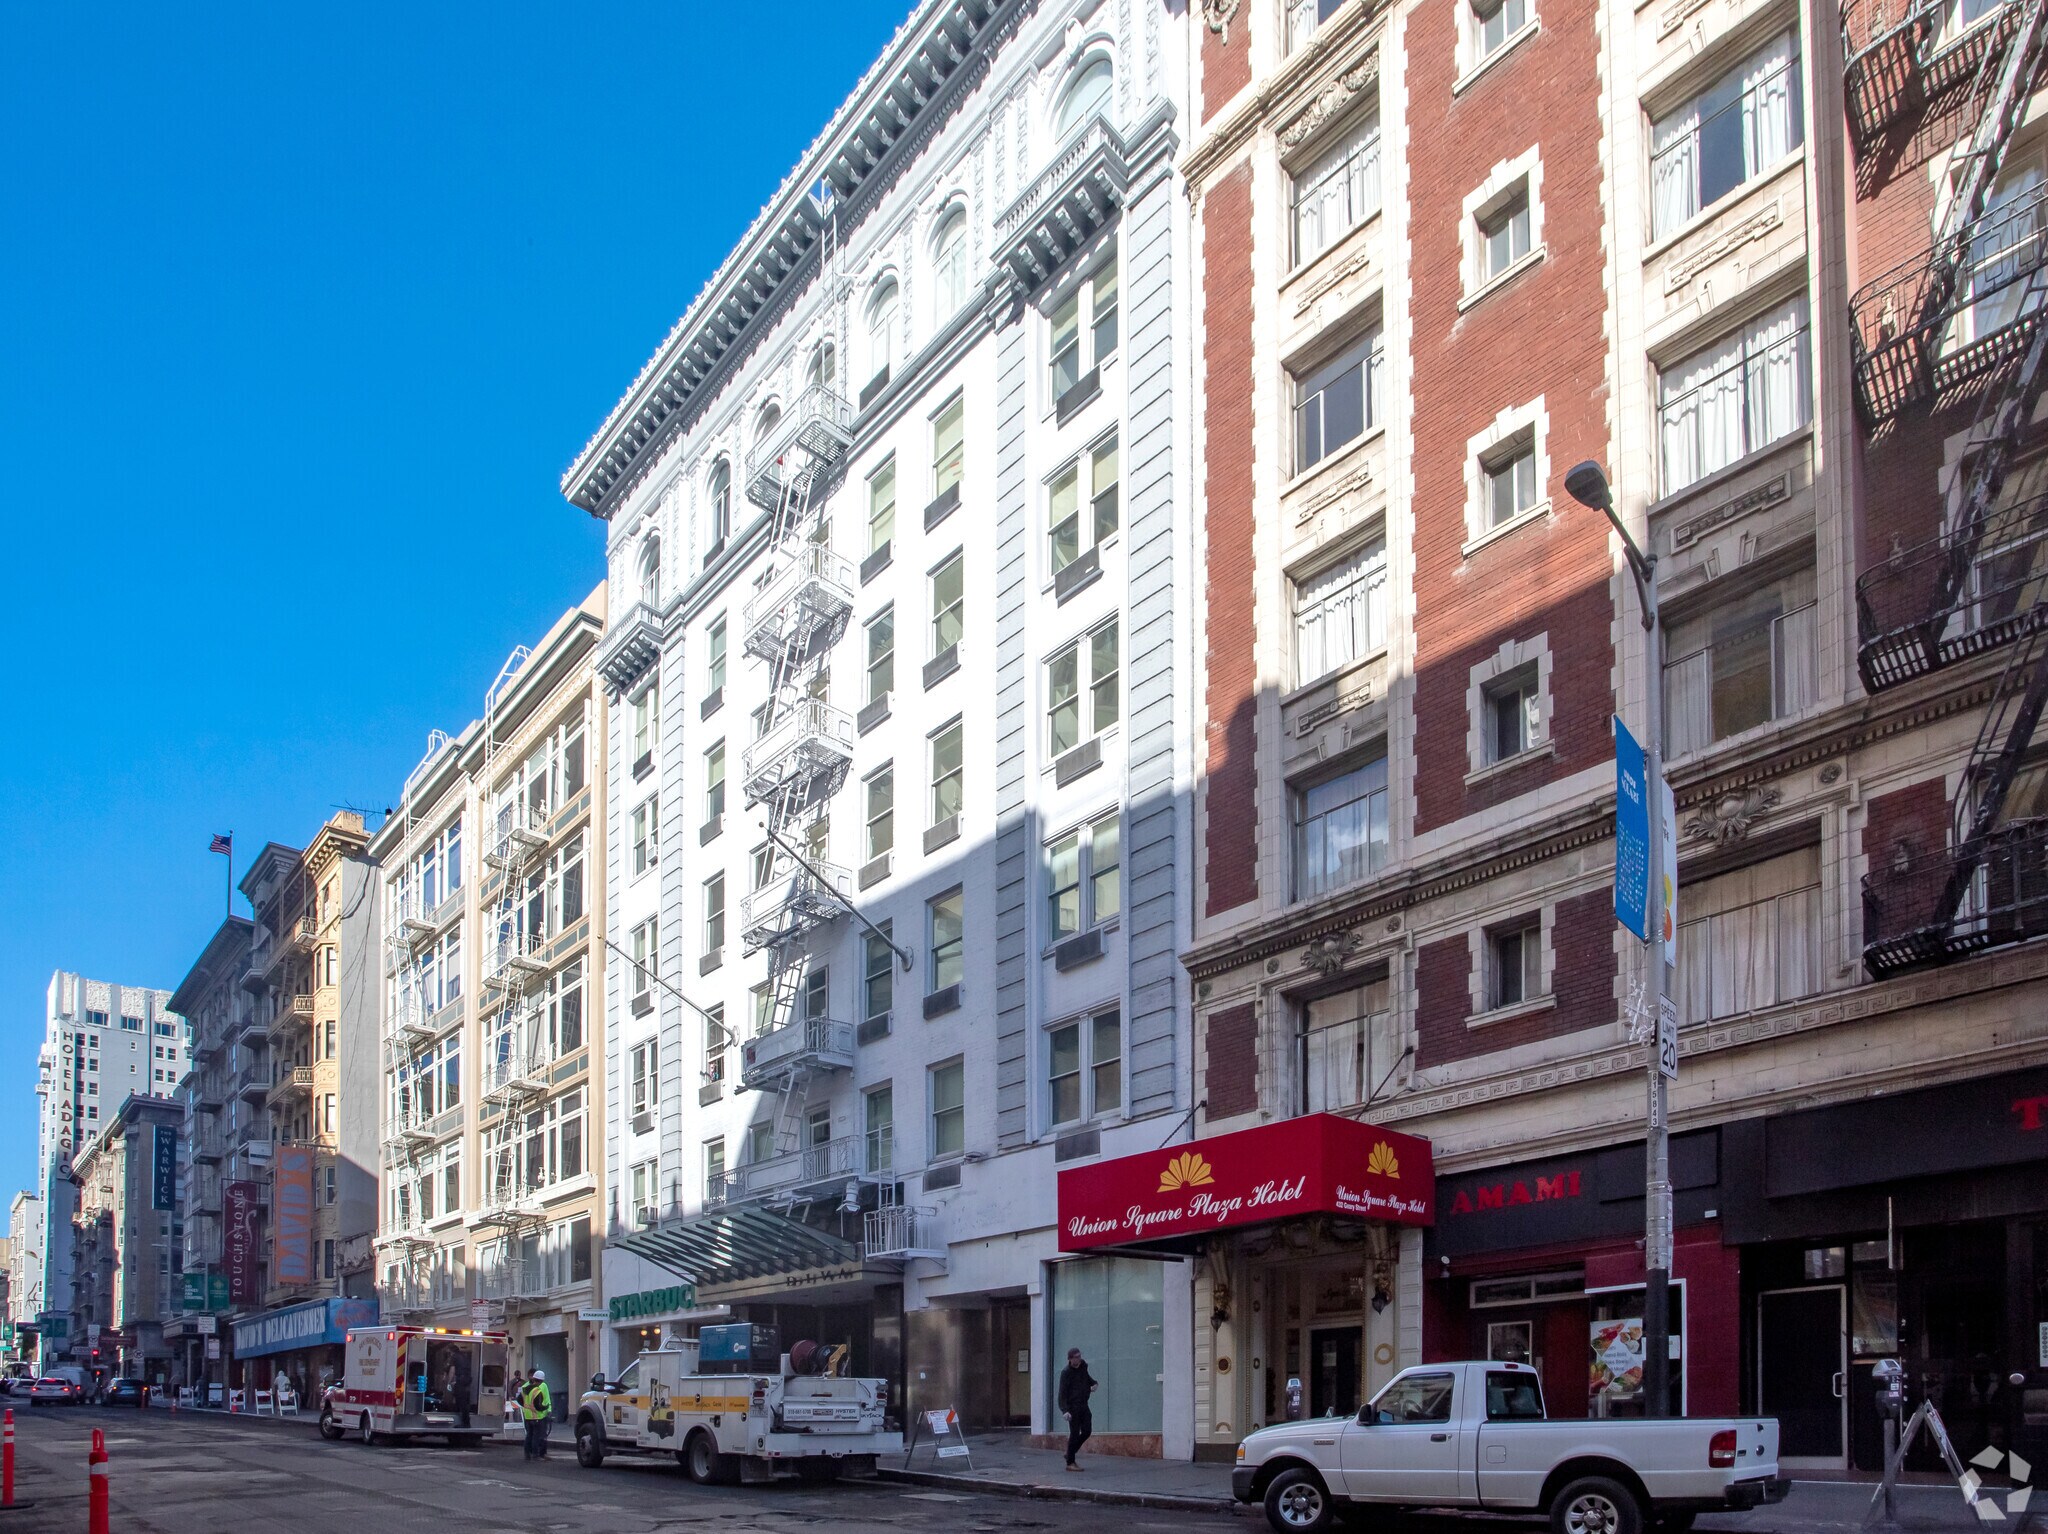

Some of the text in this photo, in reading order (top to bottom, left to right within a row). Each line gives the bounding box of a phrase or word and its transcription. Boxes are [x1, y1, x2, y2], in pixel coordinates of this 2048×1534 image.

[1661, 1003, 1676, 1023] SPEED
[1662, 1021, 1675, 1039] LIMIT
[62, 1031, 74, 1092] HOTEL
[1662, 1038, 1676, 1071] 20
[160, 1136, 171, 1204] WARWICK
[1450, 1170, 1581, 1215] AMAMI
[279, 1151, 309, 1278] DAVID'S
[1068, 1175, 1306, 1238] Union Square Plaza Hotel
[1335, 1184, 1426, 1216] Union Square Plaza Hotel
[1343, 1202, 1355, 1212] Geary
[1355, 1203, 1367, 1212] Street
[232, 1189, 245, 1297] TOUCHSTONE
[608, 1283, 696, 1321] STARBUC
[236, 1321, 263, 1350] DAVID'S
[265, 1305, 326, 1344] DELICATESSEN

WORK REQUIRED: Return the material word for word, images omitted.

RESULT OF THIS TASK:
Some of the text in this photo, in reading order (top to bottom, left to right within a row). Each line gives the bounding box of a phrase or word and its transcription. Boxes are [x1, y1, x2, y2], in pixel coordinates of this 2048×1534 image.

[1661, 1003, 1676, 1023] SPEED
[1662, 1021, 1675, 1039] LIMIT
[62, 1031, 74, 1092] HOTEL
[1662, 1038, 1676, 1071] 20
[160, 1136, 171, 1204] WARWICK
[1450, 1170, 1581, 1215] AMAMI
[279, 1151, 309, 1278] DAVID'S
[1068, 1175, 1306, 1238] Union Square Plaza Hotel
[1335, 1184, 1426, 1216] Union Square Plaza Hotel
[1343, 1202, 1355, 1212] Geary
[1355, 1203, 1367, 1212] Street
[232, 1189, 245, 1297] TOUCHSTONE
[608, 1283, 696, 1321] STARBUC
[236, 1321, 263, 1350] DAVID'S
[265, 1305, 326, 1344] DELICATESSEN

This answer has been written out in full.